Lattice parameter measurements of LiYF4 and LiY0.5Tb0.5F4 made between -100 degrees C and +550 degrees C show that the anisotropy of the thermal expansion ( alpha 11> alpha 33) of these scheelite structure fluorides has the opposite sense to oxide scheelites ( alpha 33> alpha 11). This, together with corresponding differences found between the anisotropy of linear compressibility and elastic stiffness constants, can be understood if the oxides, but not the fluorides, are considered to show a tendency towards layer-like behaviour.
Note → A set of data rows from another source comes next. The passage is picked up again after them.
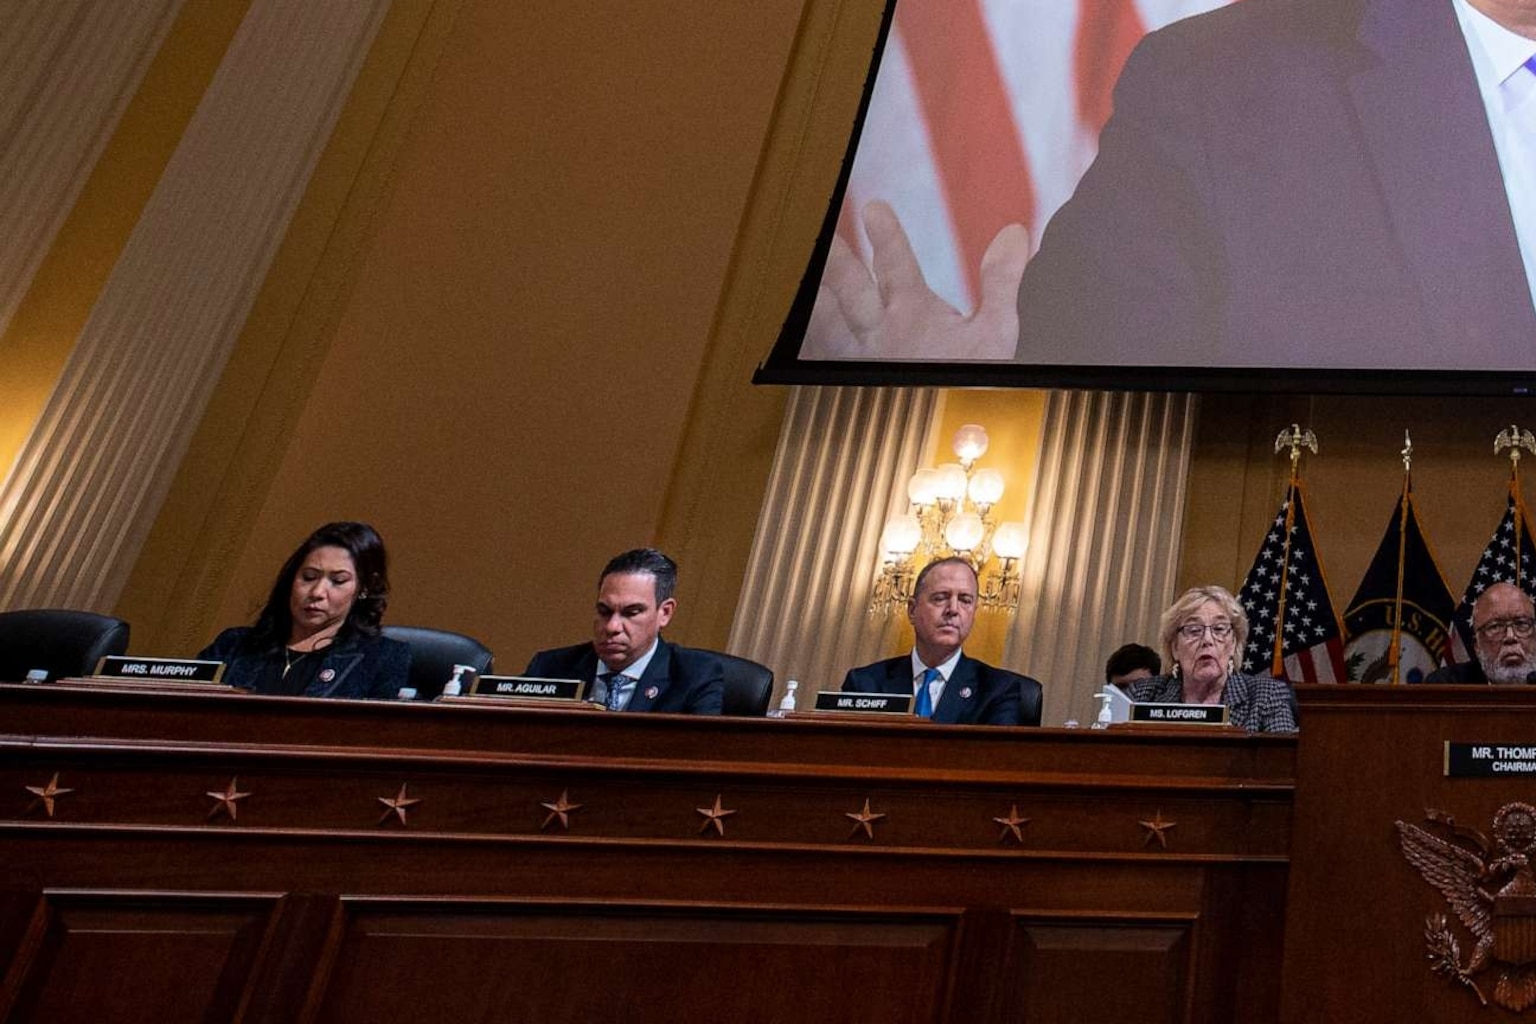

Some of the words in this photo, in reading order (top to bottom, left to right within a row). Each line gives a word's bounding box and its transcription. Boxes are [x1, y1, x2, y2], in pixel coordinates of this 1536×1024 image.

[121, 663, 148, 674] MRS.
[149, 664, 198, 676] MURPHY
[496, 682, 514, 692] MR.
[514, 683, 557, 694] AGUILAR
[837, 698, 854, 708] MR.
[854, 698, 888, 709] SCHIFF
[1149, 708, 1166, 718] MS.
[1166, 709, 1207, 719] LOFGREN
[1472, 746, 1494, 759] MR.
Pulse echo overlap measurements of ultrasonic wave velocities have been used to obtain the hydrostatic pressure derivatives delta CIJ/ delta P of the elastic constants of CaWO4. Since the acoustic symmetry axes do not shift appreciably with pressure, the pressure derivatives delta CIJ/ delta P, like the elastic constants CIJ themselves, can be transformed (with useful simplification) to reference bases comprised of acoustic symmetry axes (( kappa and kappa + pi /2) or ( gamma and gamma + pi /2)) and the Z axis. The acoustic mode Gruneisen gammas in the long-wavelength limit obtained for CaWO4 show that shear acoustic mode softening occurs under pressure along the gamma and gamma + pi /2 acoustic symmetry axes, in contrast to that for LiYF4 and LiY0.5Tb0.5F4 which takes place along the other type ( kappa and kappa + pi /2) of acoustic symmetry axes in the (001) plane.